The voice had given me so many empty promises. All of a sudden, I saw through them all. Power? When the thought of getting out of bed and getting dressed gave me an anxiety attack? When a piece of dry wheat toast brought me to my knees? Freedom from guilt? When I looked at my best friend and all I felt was overwhelming hatred for her and her perfect body? When I met my mother's tears with a stony glare? Tranquility? No more shyness or depression? When the only thing that brought me peace was sleep?
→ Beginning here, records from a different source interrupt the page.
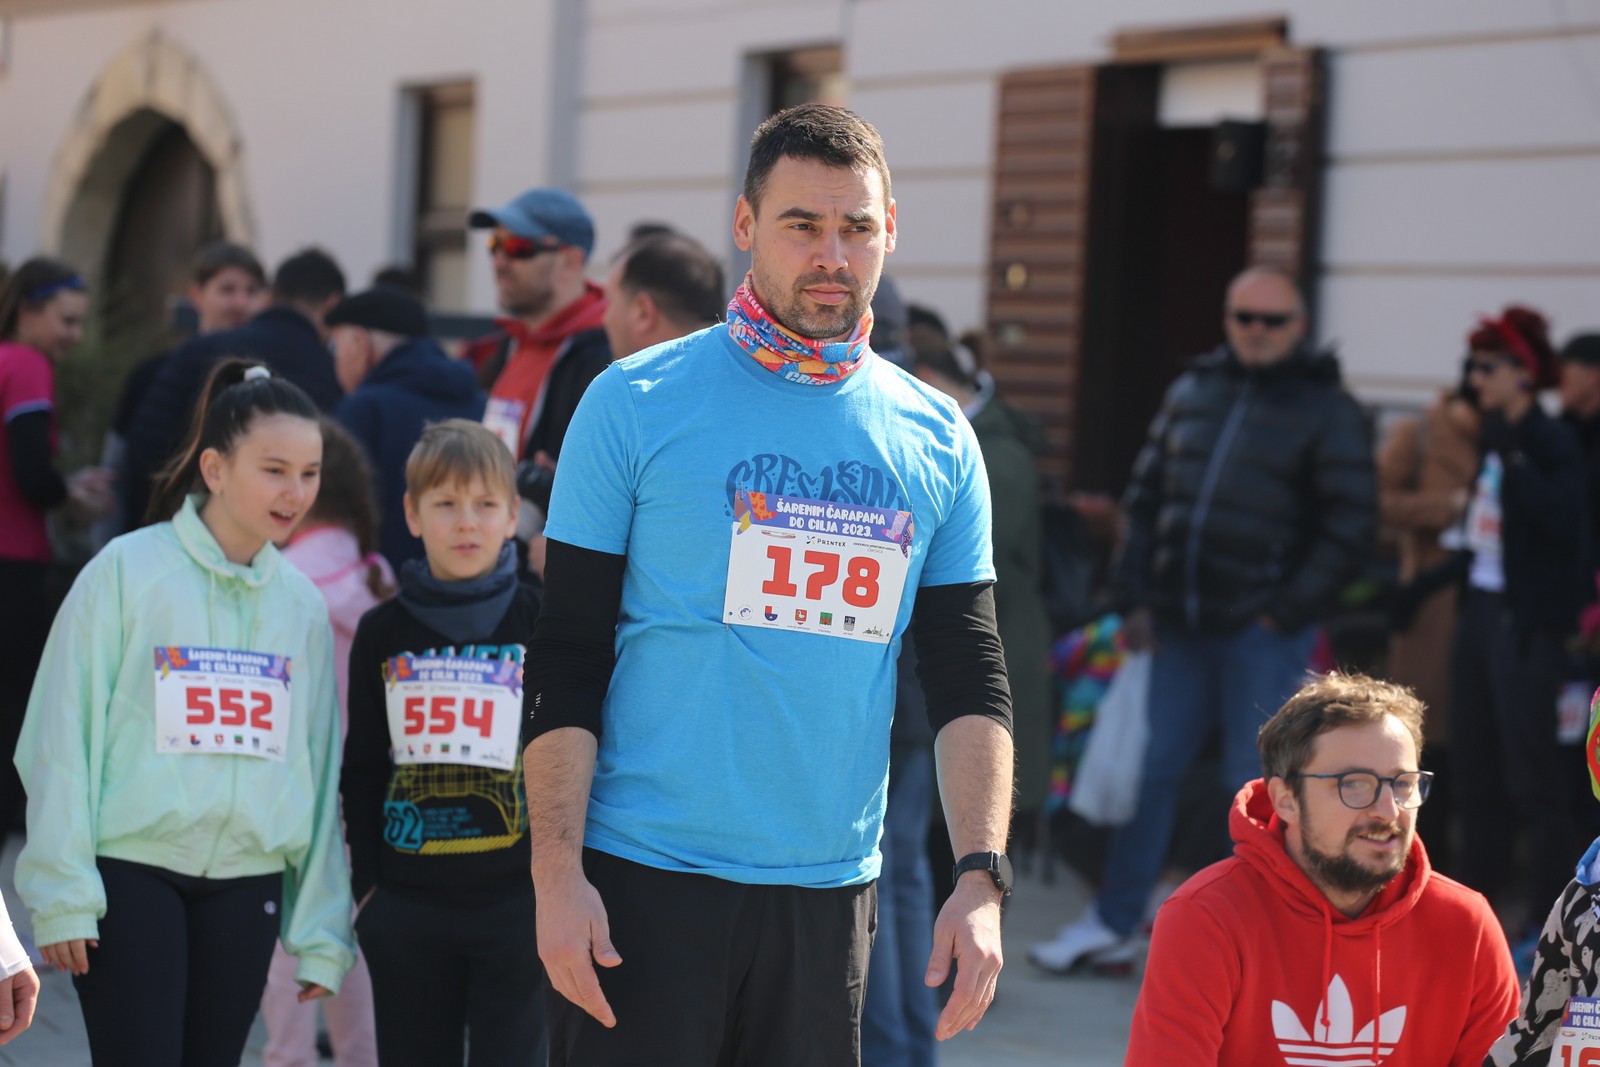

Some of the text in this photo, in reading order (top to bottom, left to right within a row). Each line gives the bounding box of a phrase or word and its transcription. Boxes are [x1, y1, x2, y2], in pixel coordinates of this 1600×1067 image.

[776, 498, 886, 526] ŠARENIM ČARAPAMA
[789, 516, 805, 528] DO
[807, 519, 838, 534] CILJA
[842, 523, 873, 538] 2023.
[761, 545, 880, 609] 178
[186, 686, 273, 732] 552
[404, 696, 494, 738] 554
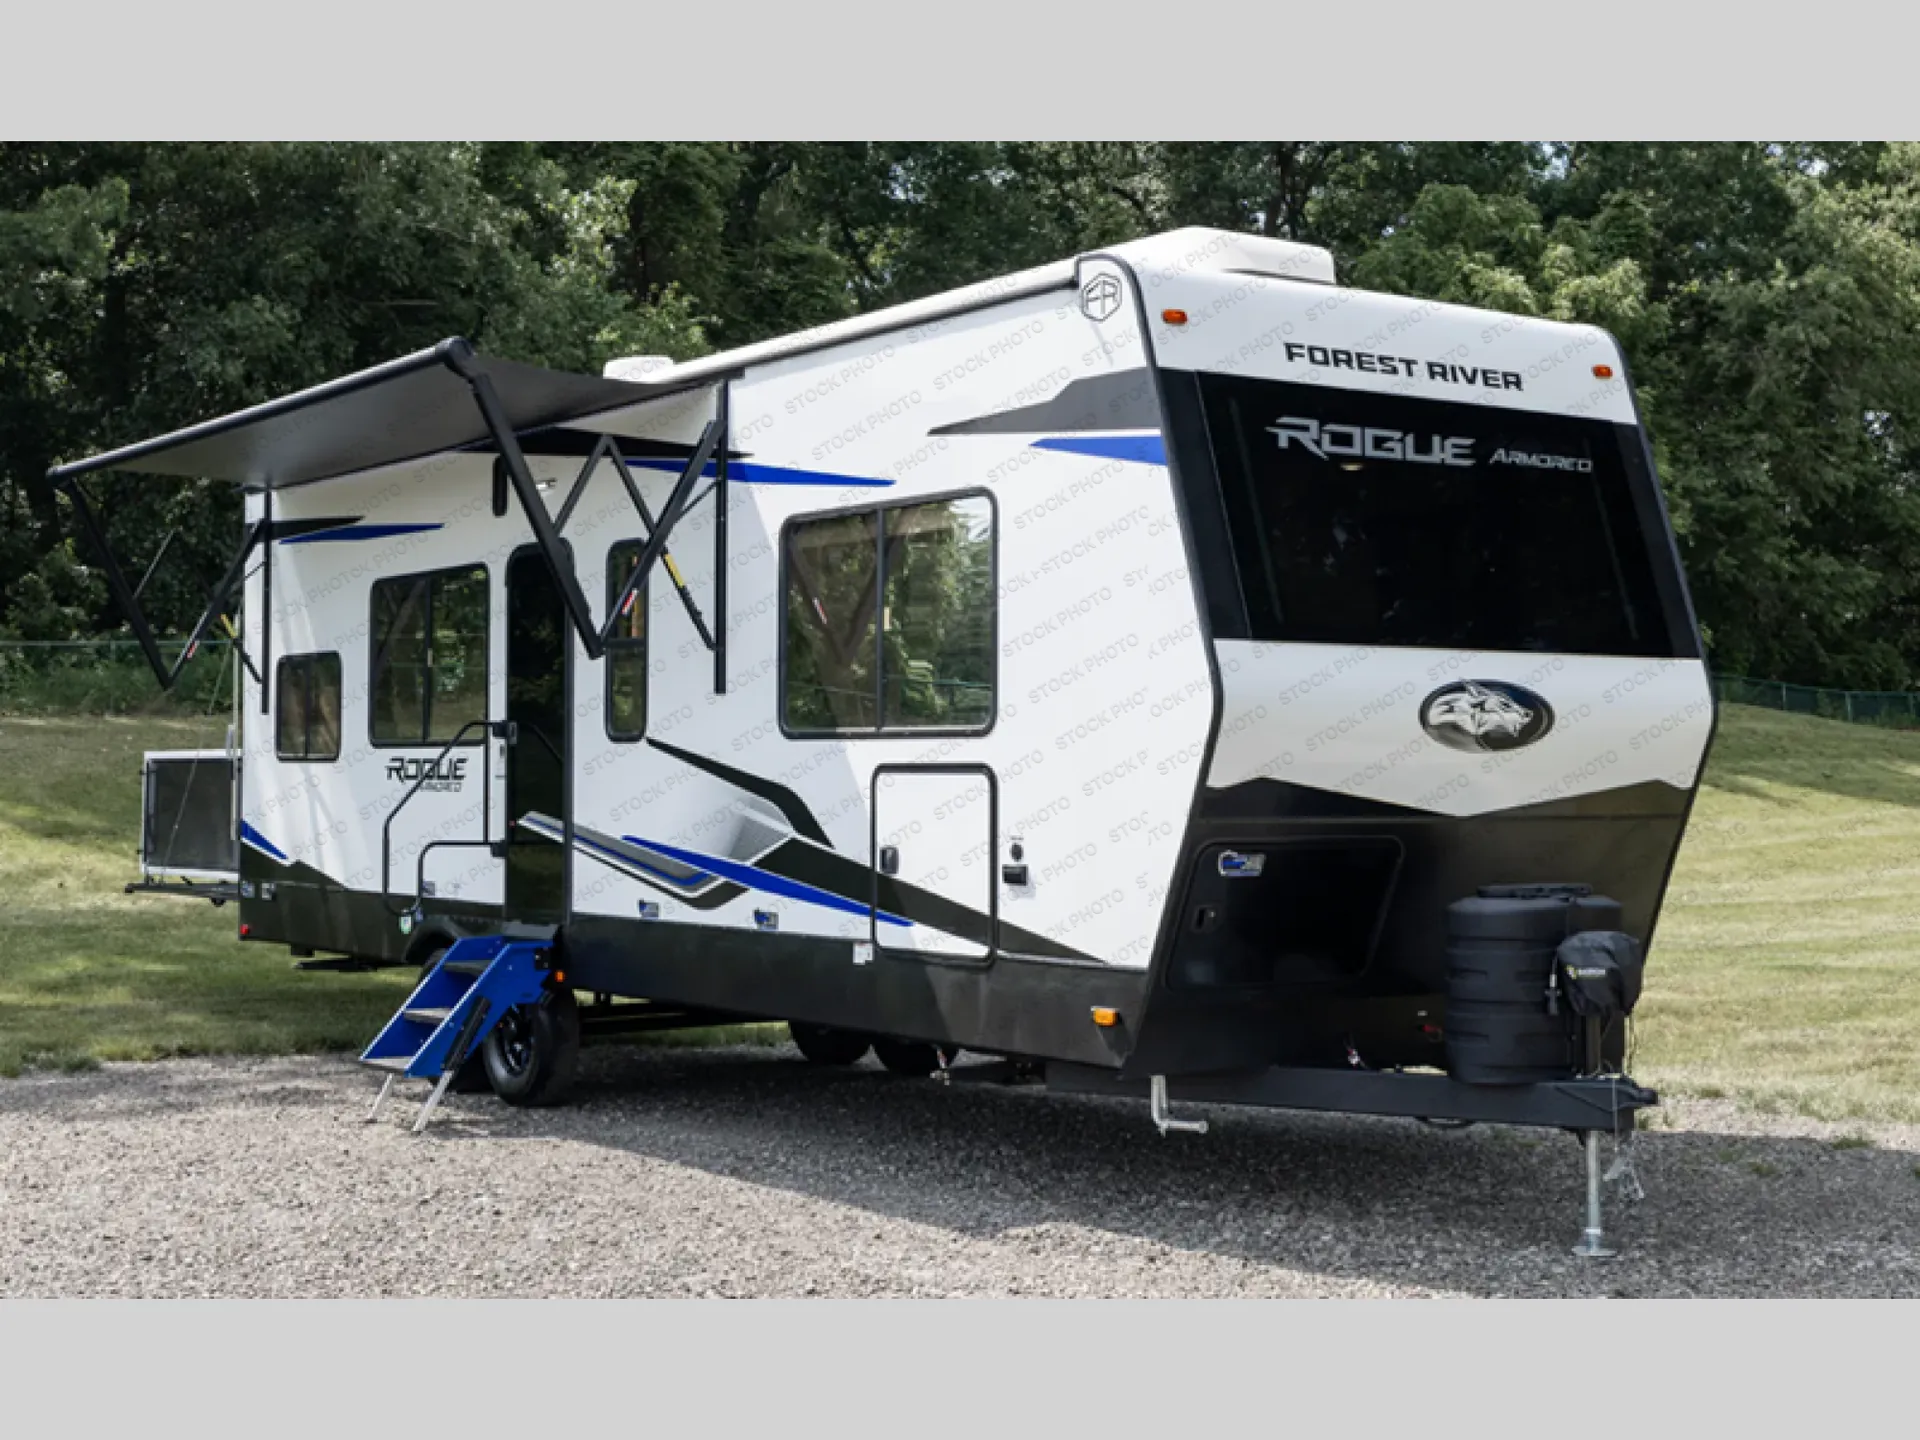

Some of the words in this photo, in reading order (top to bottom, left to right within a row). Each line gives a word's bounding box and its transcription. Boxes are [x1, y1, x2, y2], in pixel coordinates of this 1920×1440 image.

When the only living creature whose presence I accepted was my dog? As my mother and I clung to each other and sobbed, I didn't understand how I'd believed those lies for so long.
Two years have passed, years filled with therapists, antidepressants, and support groups. I still have days when I struggle to get out of bed. When I feel compelled to put my life on hold and spend hours at the gym. When I compare myself to every woman I see.
But I also have days when I laugh and enjoy lunch with my friends. When I sing in the shower at the top of my lungs. When I see my reflection and feel beautiful. Now when I run on the treadmill, I do it in front of a mirror so I can watch the blood flowing into my cheeks and the muscles in my legs pumping. I watch, and am amazed at the miracle that is my body.
I began running to escape, to avoid life and the pain that went with it. Now I am running toward my future, and I refuse to look back. I do not know exactly where I'm headed. So for now, I'll just keep running.